Always retry full-request failures #523

andrewvc · 2016-12-06T19:15:53Z

We now always retry full-request failures. It makes no sense to stop retrying a bulk request because the bulk API should always return 200. In any other situation we may lose data. Sometimes a full request can legitimately fail if there is a too-large request size from a too-large event. To fix this we now check before sending requests if the size is too large, and have added a new max_request_size option to configure this.

Fixes #522
Fixes #321

andrewvc · 2016-12-06T19:16:52Z

Alternate approach. Maybe we don't retry 400s, but instead detect the large requests AOT.

jordansissel · 2016-12-06T19:17:50Z

If we assume 400 could mean too-large, we could just retry with a smaller request on 400s?

(Detecting too-large requires we know the maximum size of a request body in Elasticsearch before we send the request, which may not be practical to obtain? I'm open to whatever)

andrewvc · 2016-12-06T19:21:54Z

@jordansissel this only happens if there is a single event larger than the limit. We already attempt to split up requests in this case, but we obviously cannot subdivide a single event.

andrewvc · 2016-12-06T19:27:19Z

The more I think about it the more I think we need a new option max_request_size. We just don't send any request larger than that, and that way we don't need a 'special' 400 case.

In the absence of the too-large-request scenario we should retry 400s indefinitely because that would indicate either:

A bug in the output code
A bug in the user infrastructure, a bad proxy say

In either case they wouldn't want to start dropping events in those cases. A stall would be appropriate.

jordansissel · 2016-12-06T19:57:29Z

In the absence of the too-large-request scenario we should retry 400s indefinitely

++

andrewvc · 2016-12-06T20:53:45Z

@jordansissel OK, so I've changed the logic and updated the description per our discussion. Can I get a review from yourself?

andrewvc · 2016-12-06T20:54:44Z

@jordansissel is there a plugin-api change I need to make now that we're using the bytes validation?

jordansissel · 2016-12-12T16:32:03Z

lib/logstash/outputs/elasticsearch.rb

@@ -88,7 +93,7 @@ class LogStash::Outputs::ElasticSearch < LogStash::Outputs::Base
  # - A sprintf style string to change the action based on the content of the event. The value `%{[foo]}`
  #   would use the foo field for the action
  #
-  # For more details on actions, check out the http://www.elastic.co/guide/en/elasticsearch/reference/current/docs-bulk.html[Elasticsearch bulk API documentation]
+  # For more details on actions, check out the http://www.elastic.co/guide/en/elasticsearch/reference/current/docs-bulk.html[Elasticsearch bthey are:ulk API documentation]

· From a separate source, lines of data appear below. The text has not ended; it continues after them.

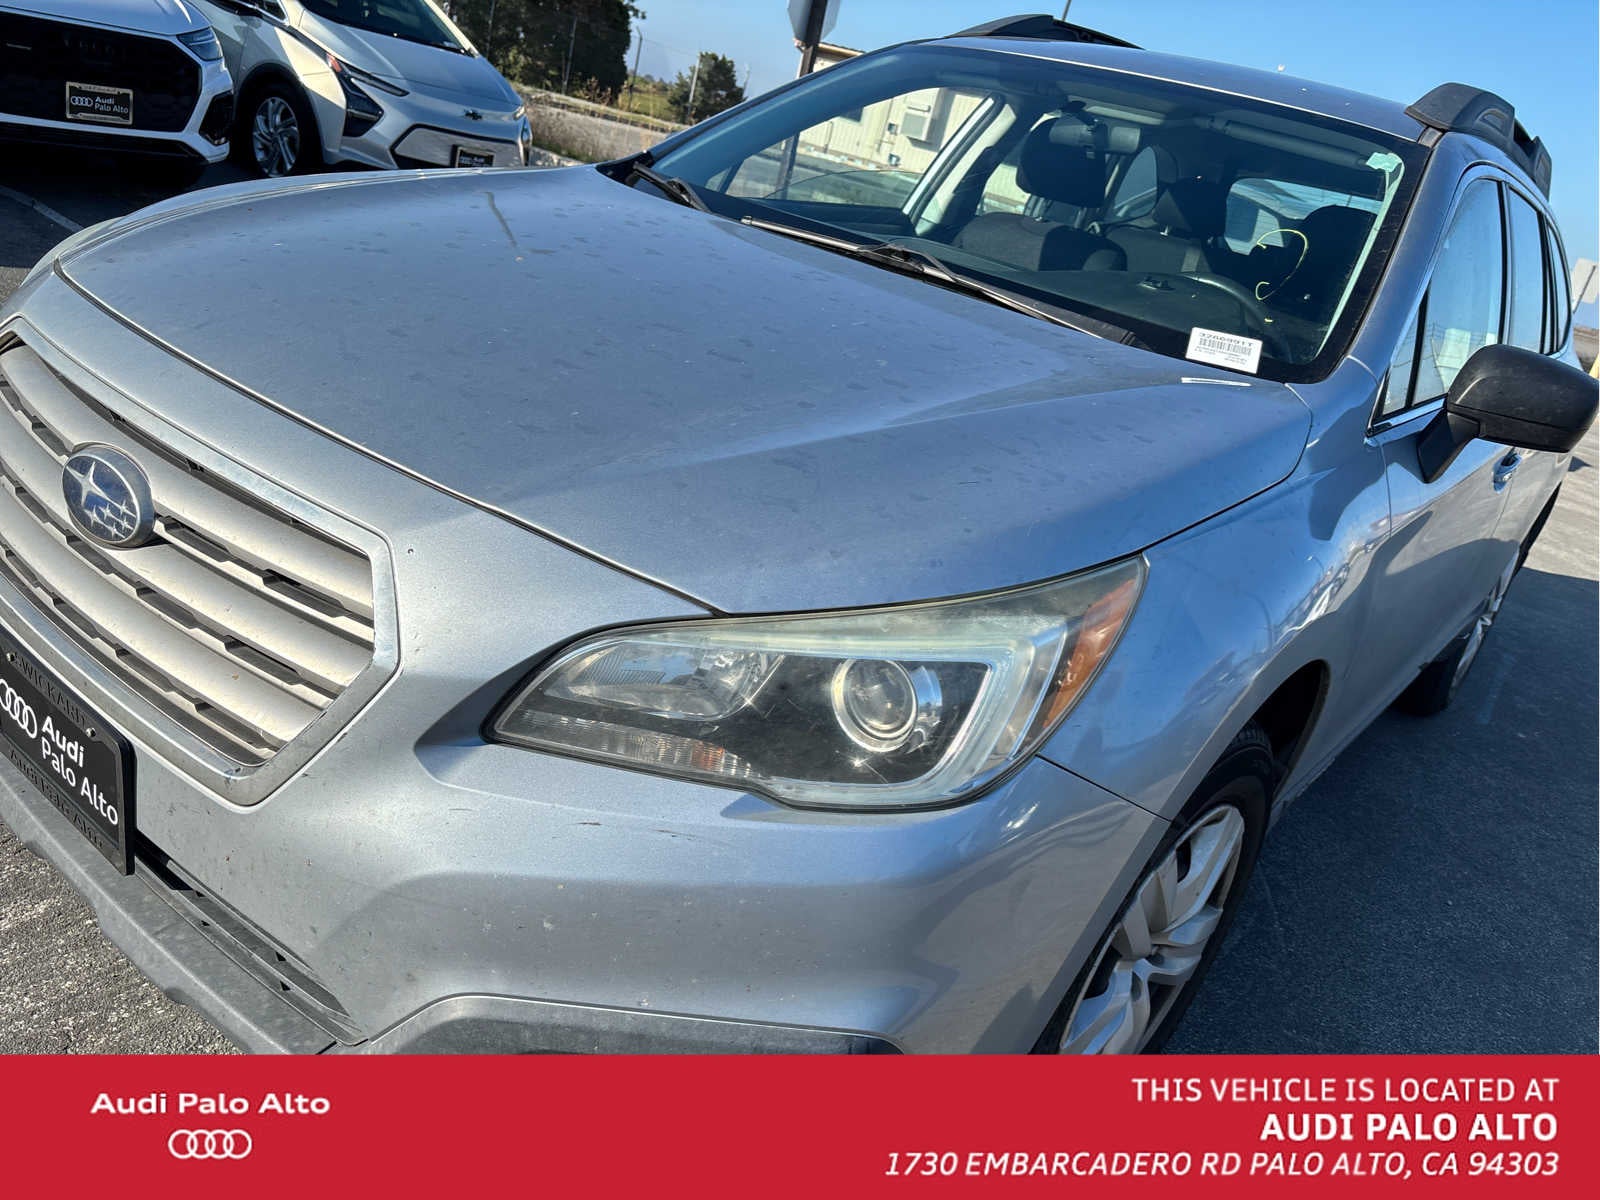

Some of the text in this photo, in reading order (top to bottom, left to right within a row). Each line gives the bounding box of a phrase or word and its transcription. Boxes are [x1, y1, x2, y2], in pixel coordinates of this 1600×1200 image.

[94, 103, 129, 114] Palo Alto
[95, 96, 115, 104] Audi
[41, 715, 84, 768] Audi
[41, 736, 118, 826] Palo Alto
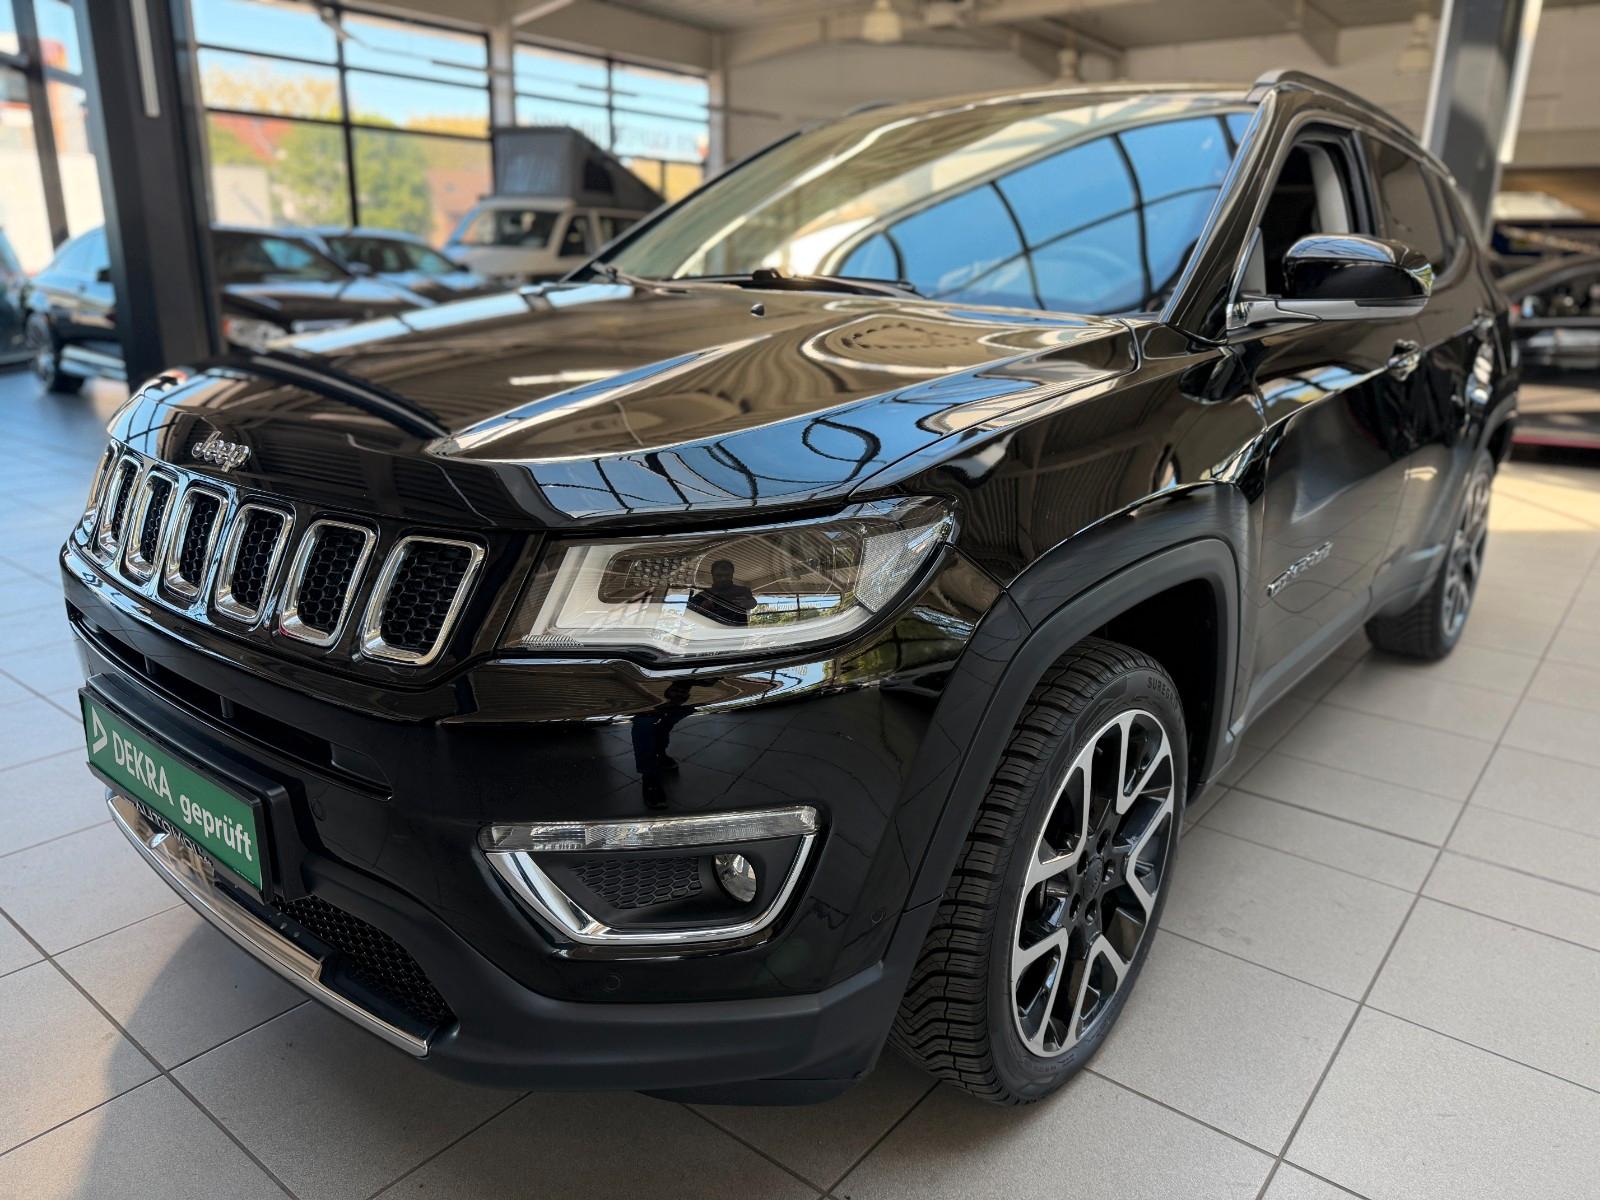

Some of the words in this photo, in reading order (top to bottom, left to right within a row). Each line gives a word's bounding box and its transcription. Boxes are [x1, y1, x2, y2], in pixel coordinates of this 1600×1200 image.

[191, 430, 251, 473] Jeep
[112, 730, 174, 806] DEKRA
[179, 793, 252, 861] geprüft

typo inserting 'they are:' in the middle of the word 'bulk' ?

Ah, clearly a complete ViM failure :)

jordansissel · 2016-12-12T16:33:29Z

lib/logstash/outputs/elasticsearch.rb

+  #
+  # This plugin will try to send appropriately sized requests, using multiple
+  # requests per batch if the events are very large, but if a single event
+  # is larger than this value sending even that single request will break. 


"will break" --- it will break what?

jordansissel · 2016-12-12T16:35:25Z

lib/logstash/outputs/elasticsearch.rb

+  # or other things that could account for a slight difference in the HTTTP request, as our size
+  # check only happens on the request body.
+  #
+  # This is specified as a number now, but we should move it to the new 'bytes' type


"This is specified ..." will show up in the docs. I recommend not putting this comment here.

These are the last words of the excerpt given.